More common within our regions and no less distressing is the attitude toward those who belong to religious movements with different customs: Mitnagdim versus Hasidim, Ashkenazim versus Eastern and Sephardic cultures.  Different political movements.

The attitude to the “other” who is different, develops all too quickly into hatred among brothers, becoming a divisiveness that destroys every good achievement.

The tendency to classify people as “other” is embedded in the animalistic survival mechanism, as we have mentioned, and it is inevitable, despite all preachings and teachings about pluralism and liberal tolerance.  At a moment of distress, all politely smiling masks disappear, all velvet gloves are removed, the claws are drawn and the fangs are exposed. 

There is no escape from the need to address the man-God axis, if we wish to create objective, productive, and constructive ways of categorizing our fellow human beings.

As an example, we should perhaps address that highly suspect topic, Judaism’s attitude toward women.  Woman as the symbol of the one who is different from man, does not merit a particularly generous attitude in our sources: “I find the woman more bitter than death.”  “Blessed art Thou…that Thou hast not made me a woman.”  The man recites this blessing with rather suspicious fervor. 

These and many other expressions that are not complimentary to women are scattered thoughout our Talmudic sources.  Needless to mention Lilith, the demoness, who rules the kingdom of the kabalah, in whom so many women find refuge in their flight from halacha, those practical/legal applications of Judaism that seem to them too strict and too dry.

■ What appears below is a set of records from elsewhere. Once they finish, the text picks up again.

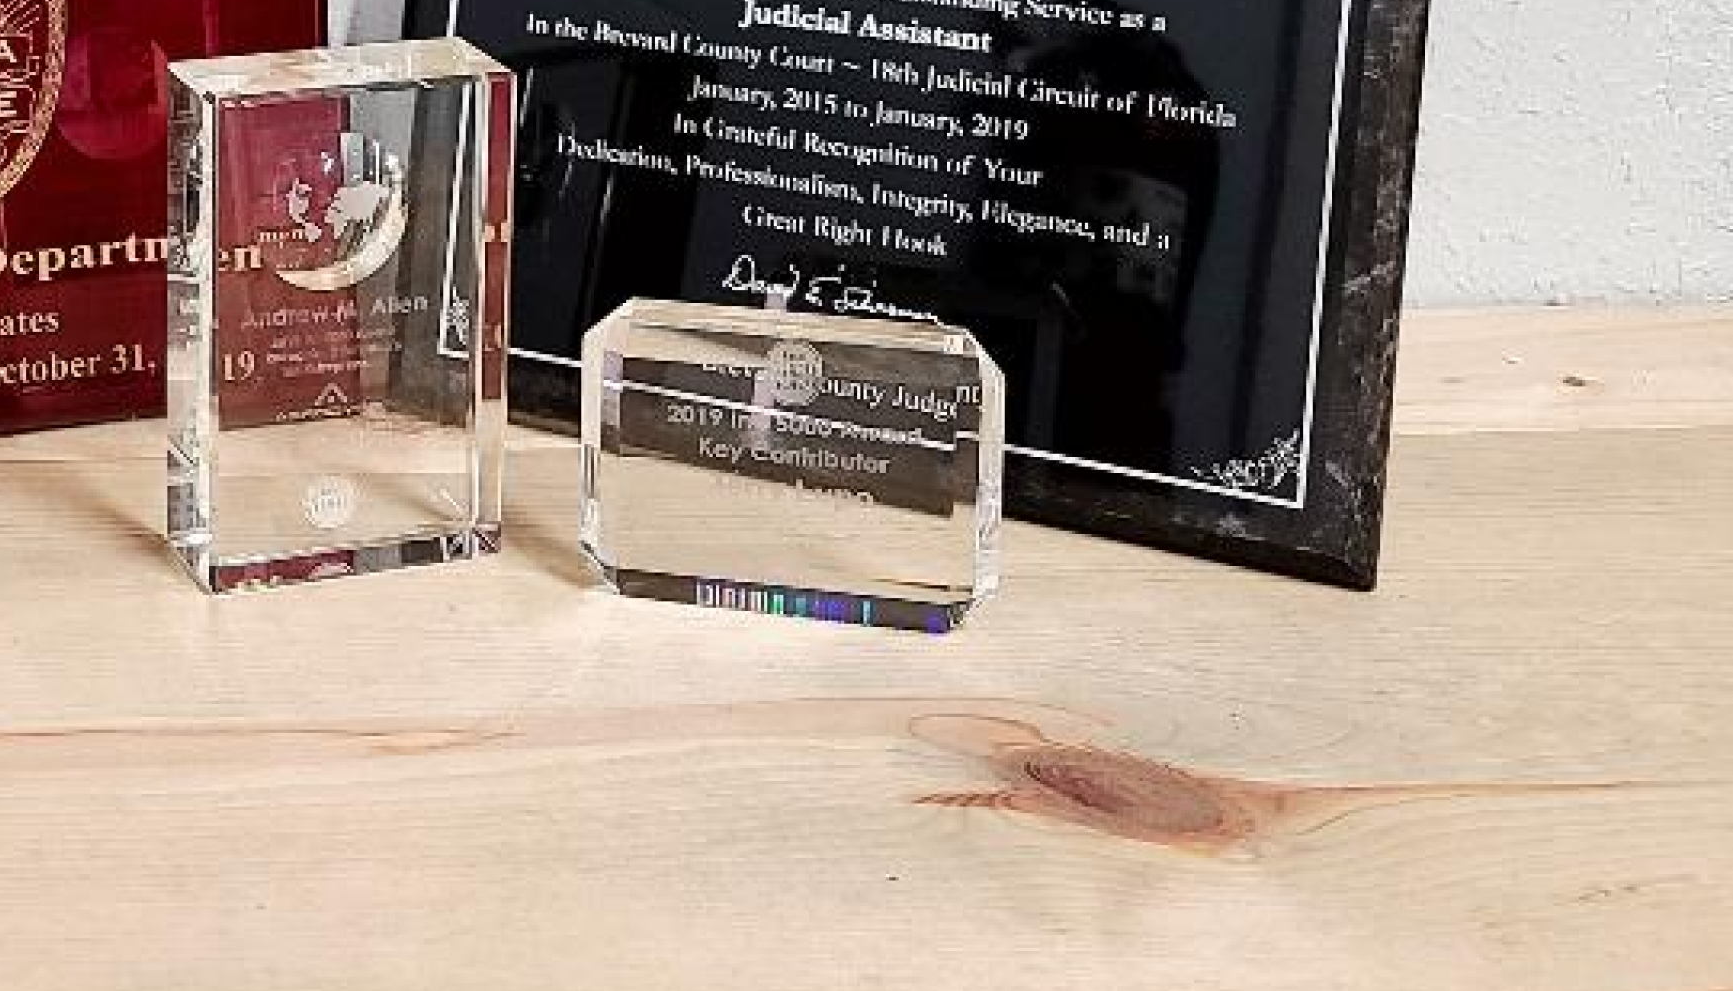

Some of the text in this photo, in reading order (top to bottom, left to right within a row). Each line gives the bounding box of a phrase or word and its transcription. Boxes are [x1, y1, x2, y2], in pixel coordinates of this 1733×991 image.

[857, 13, 994, 53] Assistant
[1119, 13, 1146, 31] as
[1151, 16, 1167, 33] a
[525, 12, 550, 35] In
[555, 16, 589, 42] the
[594, 20, 679, 54] Brevard
[683, 32, 763, 70] County
[769, 44, 833, 75] Court
[921, 64, 1013, 99] Judicial
[1017, 75, 1101, 110] Circuit
[1105, 90, 1139, 115] of
[782, 86, 840, 116] 2015
[971, 113, 1029, 141] 2019
[673, 112, 1045, 187] In Grateful Recognition of Your
[740, 203, 807, 234] Great
[814, 214, 874, 247] Right
[1103, 221, 1151, 248] and
[110, 343, 156, 377] 31,
[667, 404, 725, 428] 2019
[698, 436, 890, 475] Key Contributor

I maintain here that the Torah draws a clear line and makes an absolute distinction between woman as sexual symbol and woman as human being.  In addressing the human being in her, the Torah finds no flaw whatsoever in woman.  The attitude toward this human being is the same as toward any fellow human being, and follows the rule of “love your comrade as yourself.”  Loving the woman in her is condemned like every “love that is dependent on a thing”, whereas loving the human being in her merits the status of “love that is not dependent on a thing”. 

This has the status of a love that sofah lihitkayaim, that will ultimately endure forever, that merits every descriptive term of enchantment and infinite power to apply to all those who love at the level of reciprocity and dvaikut, who are two complementary halves creating unity and perfection.

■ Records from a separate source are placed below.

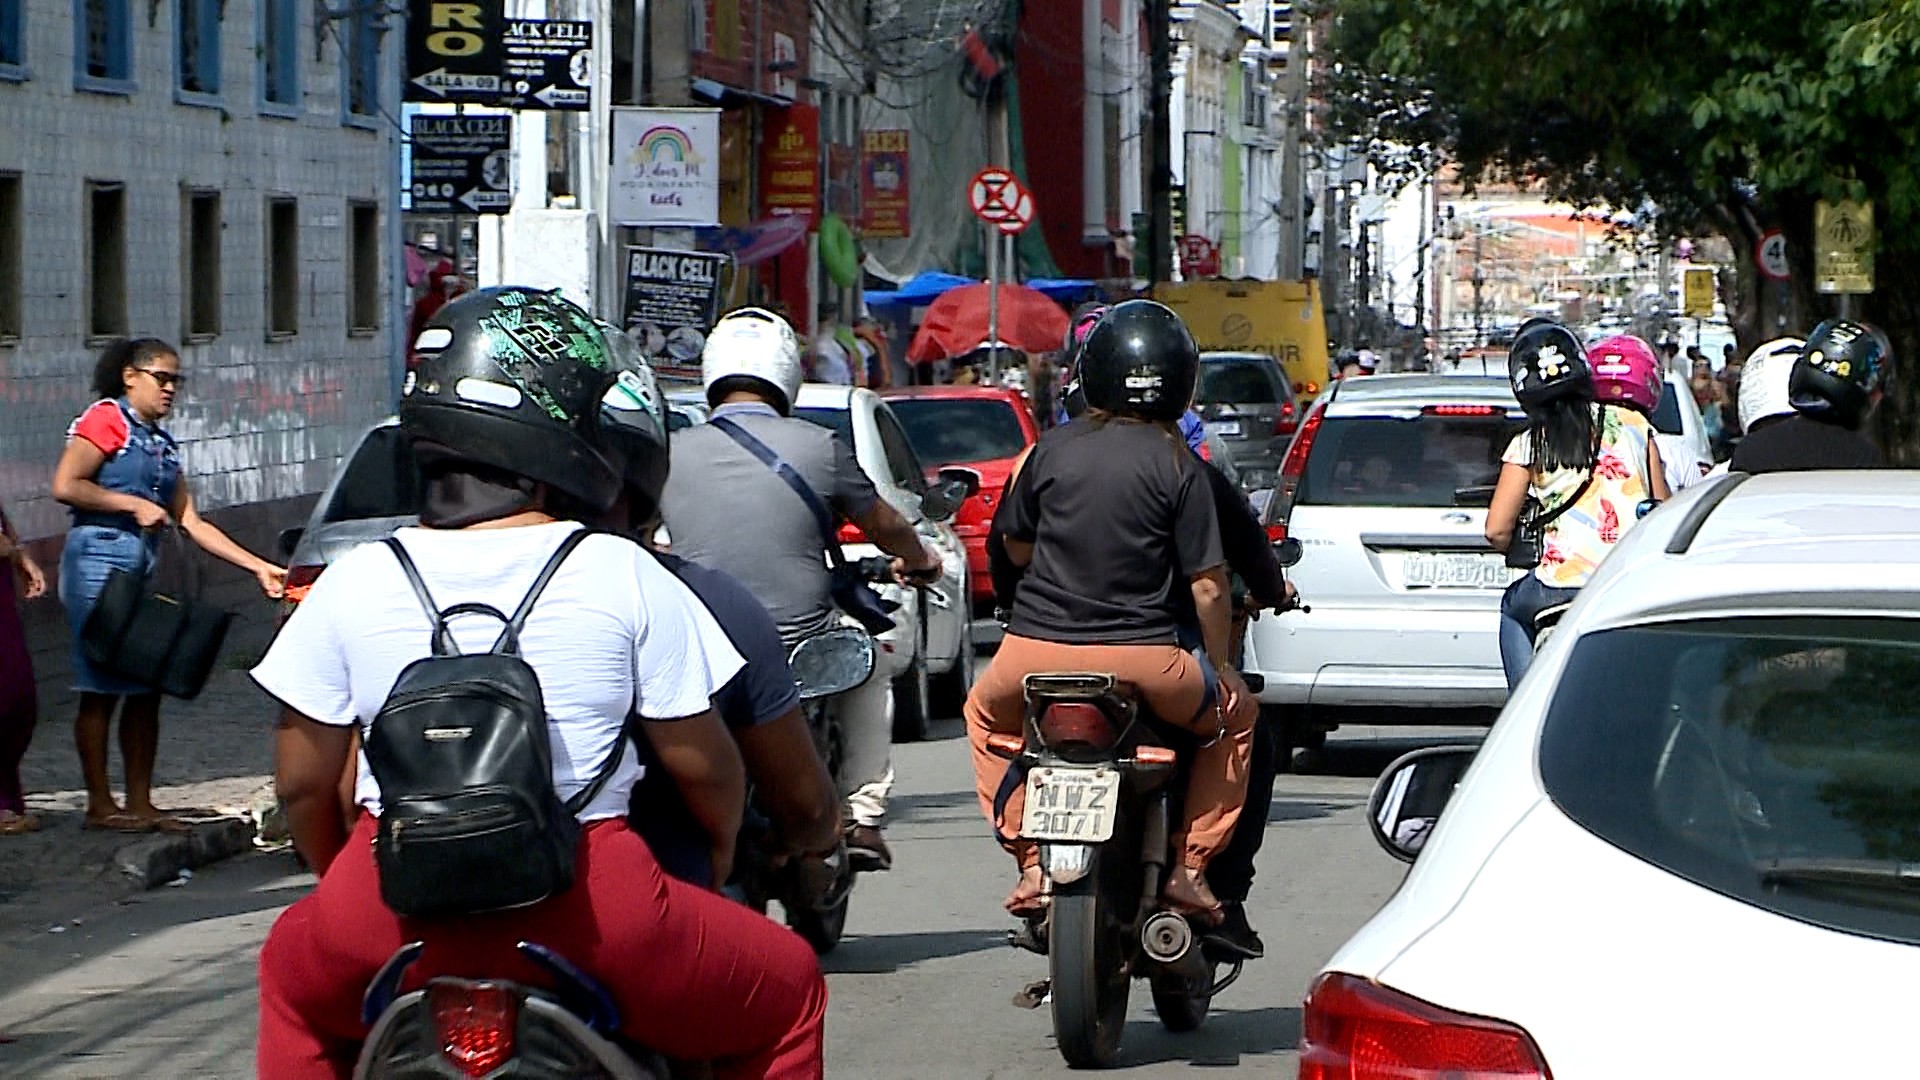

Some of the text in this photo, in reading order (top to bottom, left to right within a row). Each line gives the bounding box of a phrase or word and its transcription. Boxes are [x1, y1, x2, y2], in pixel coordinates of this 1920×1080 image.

[503, 22, 589, 39] ACK CELL
[424, 75, 463, 86] SALA
[412, 118, 464, 134] BLACK
[630, 253, 714, 283] BLACK CELL
[1039, 783, 1108, 810] NWZ
[1031, 811, 1103, 836] 3071

This relationship runs along an axis.  The human expression of the self is one end of the axis, and the Godly value of hesed, love, and dvaikut towards the Godly element in another human being – forms the other end of this axis. 

Such is the man-God axis.  Along this axis, relating to another human being serves to replace that illegitimate relating that emphasizes what is different about man and woman.

Both man and woman have a Godly element that is absolutely equal.  Viewing the woman as a female creature and the man as a male creature distorts the supreme and profound value that is common to both.  For both are called Ahdahm, both are human creatures, both are created in God’s image.

Such a view sanctifies man and woman.  It eliminates the attitude to the “other” that blocks the relationship that express the bond between the self that is me and the self that is another.